» Input data:
= Beginning of Section =
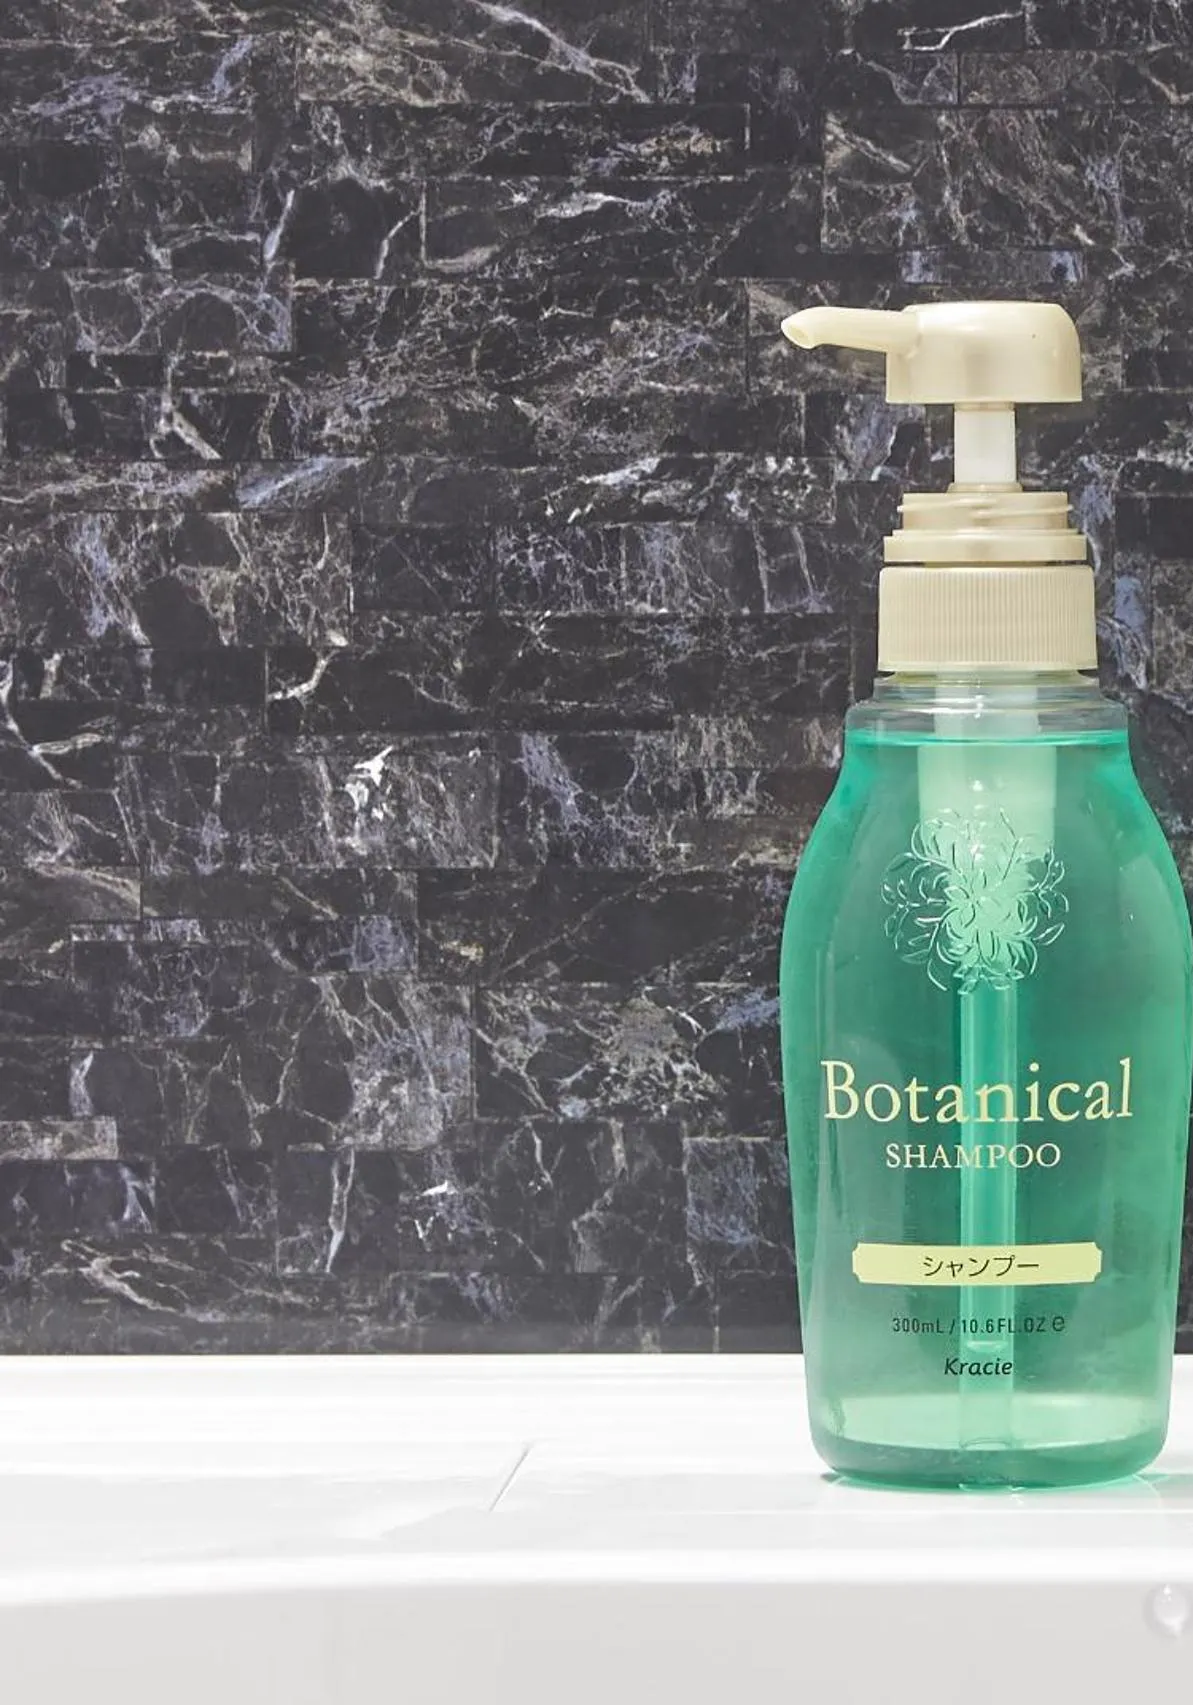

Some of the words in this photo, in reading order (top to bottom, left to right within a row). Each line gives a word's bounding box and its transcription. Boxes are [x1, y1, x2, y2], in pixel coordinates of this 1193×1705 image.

[820, 1057, 1134, 1124] Botanical
[885, 1142, 1062, 1169] SHAMPOO
[922, 1254, 1040, 1278] シャンプー
[892, 1317, 944, 1335] 300mL
[944, 1357, 1013, 1376] Kracie
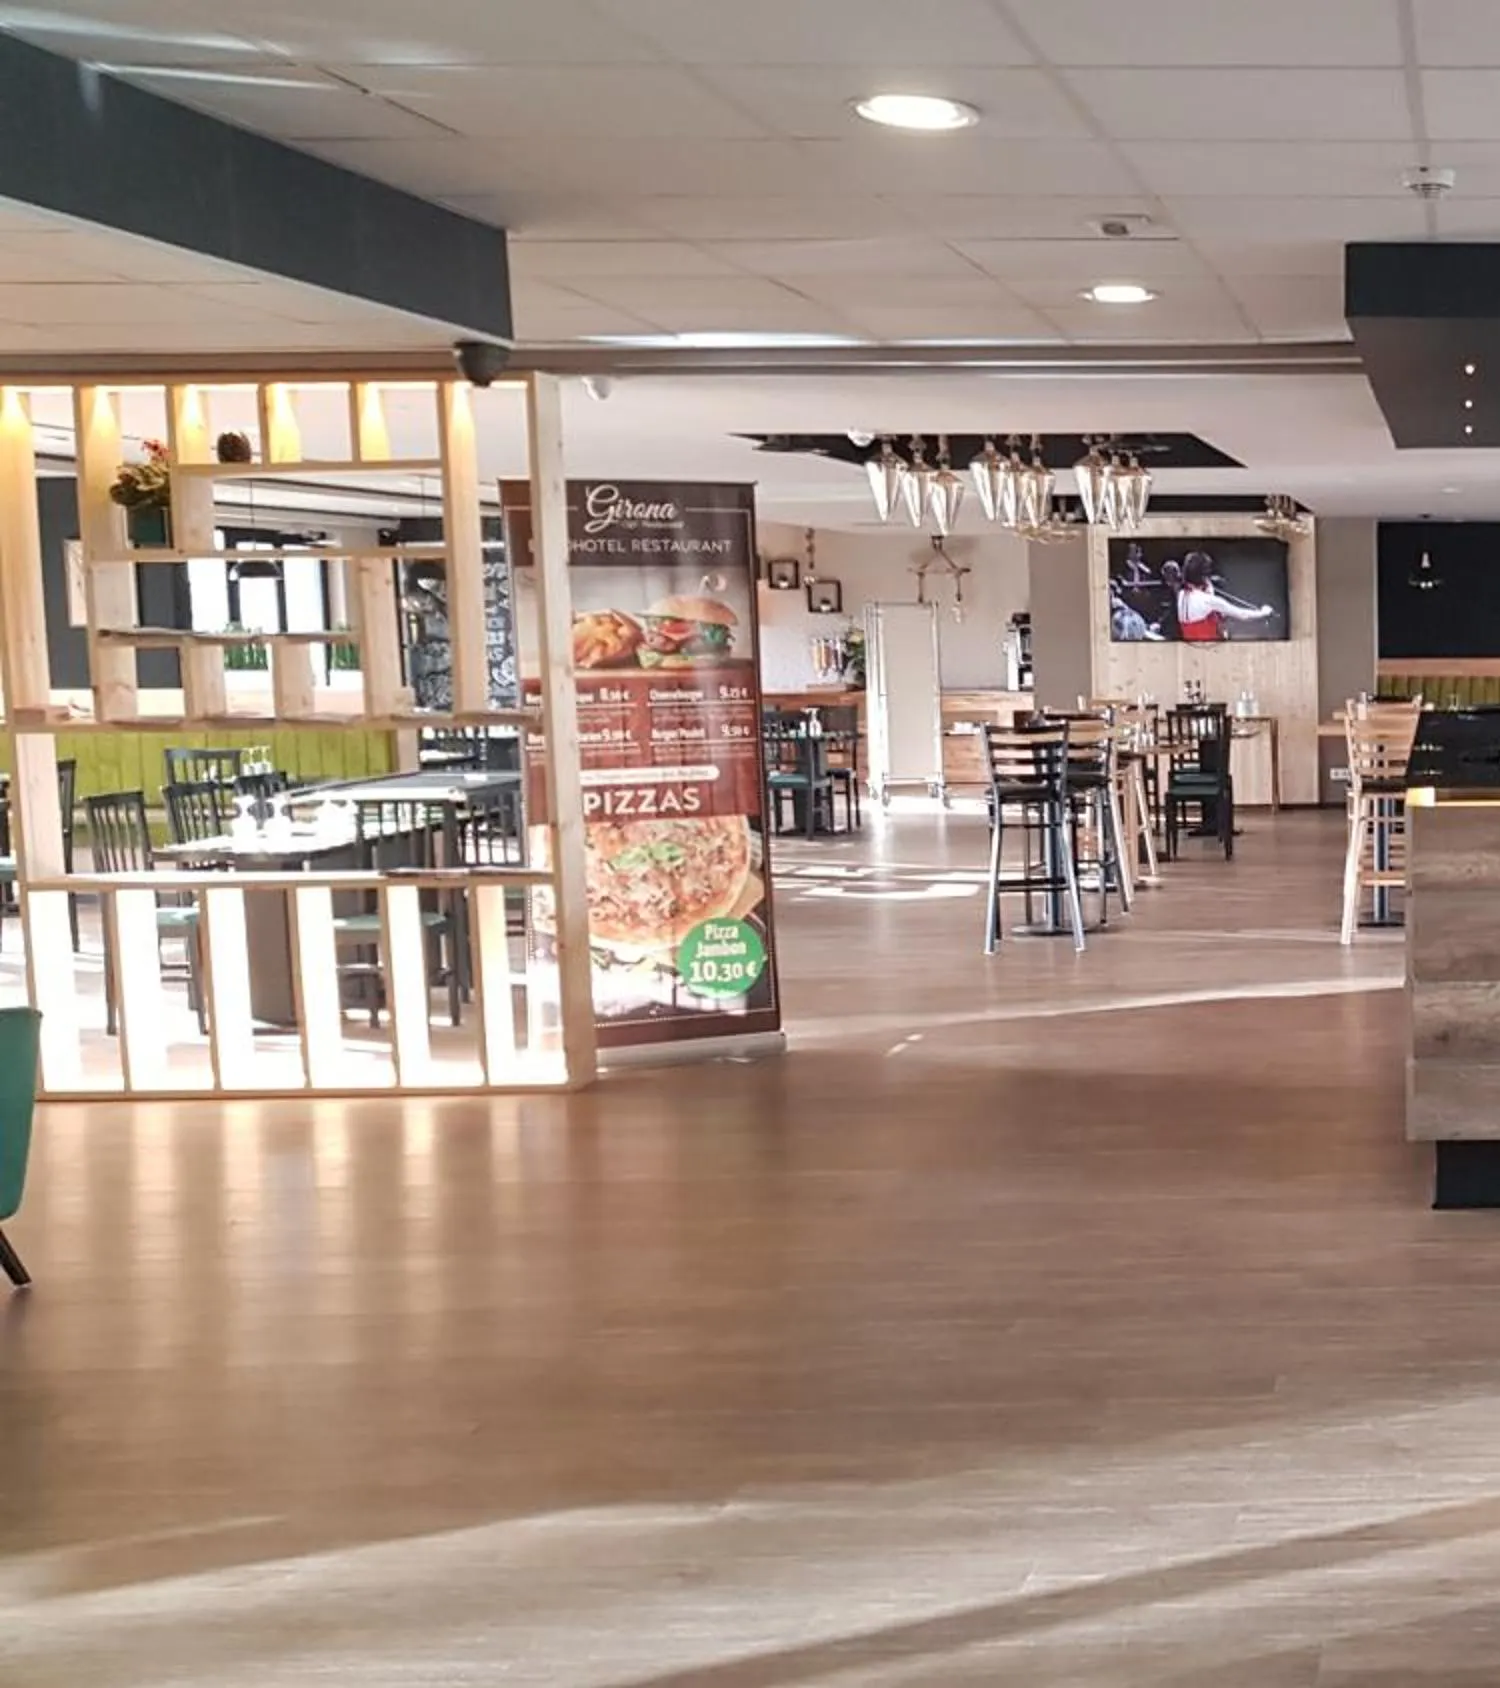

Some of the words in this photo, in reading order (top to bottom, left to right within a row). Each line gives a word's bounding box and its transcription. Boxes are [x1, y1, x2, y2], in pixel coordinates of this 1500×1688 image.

[631, 538, 732, 554] RESTAURANT
[583, 787, 701, 816] PIZZAS
[704, 924, 739, 940] Pizza
[695, 940, 747, 958] Jambon
[690, 961, 743, 983] 10.30
[745, 961, 758, 978] €
= End of Section =
» Problem requirements: Repeat the records above word for word, apart from the pictures.

» Expected answer:
Some of the words in this photo, in reading order (top to bottom, left to right within a row). Each line gives a word's bounding box and its transcription. Boxes are [x1, y1, x2, y2], in pixel coordinates of this 1193×1705 image.

[820, 1057, 1134, 1124] Botanical
[885, 1142, 1062, 1169] SHAMPOO
[922, 1254, 1040, 1278] シャンプー
[892, 1317, 944, 1335] 300mL
[944, 1357, 1013, 1376] Kracie

Some of the words in this photo, in reading order (top to bottom, left to right within a row). Each line gives a word's bounding box and its transcription. Boxes are [x1, y1, x2, y2], in pixel coordinates of this 1500×1688 image.

[631, 538, 732, 554] RESTAURANT
[583, 787, 701, 816] PIZZAS
[704, 924, 739, 940] Pizza
[695, 940, 747, 958] Jambon
[690, 961, 743, 983] 10.30
[745, 961, 758, 978] €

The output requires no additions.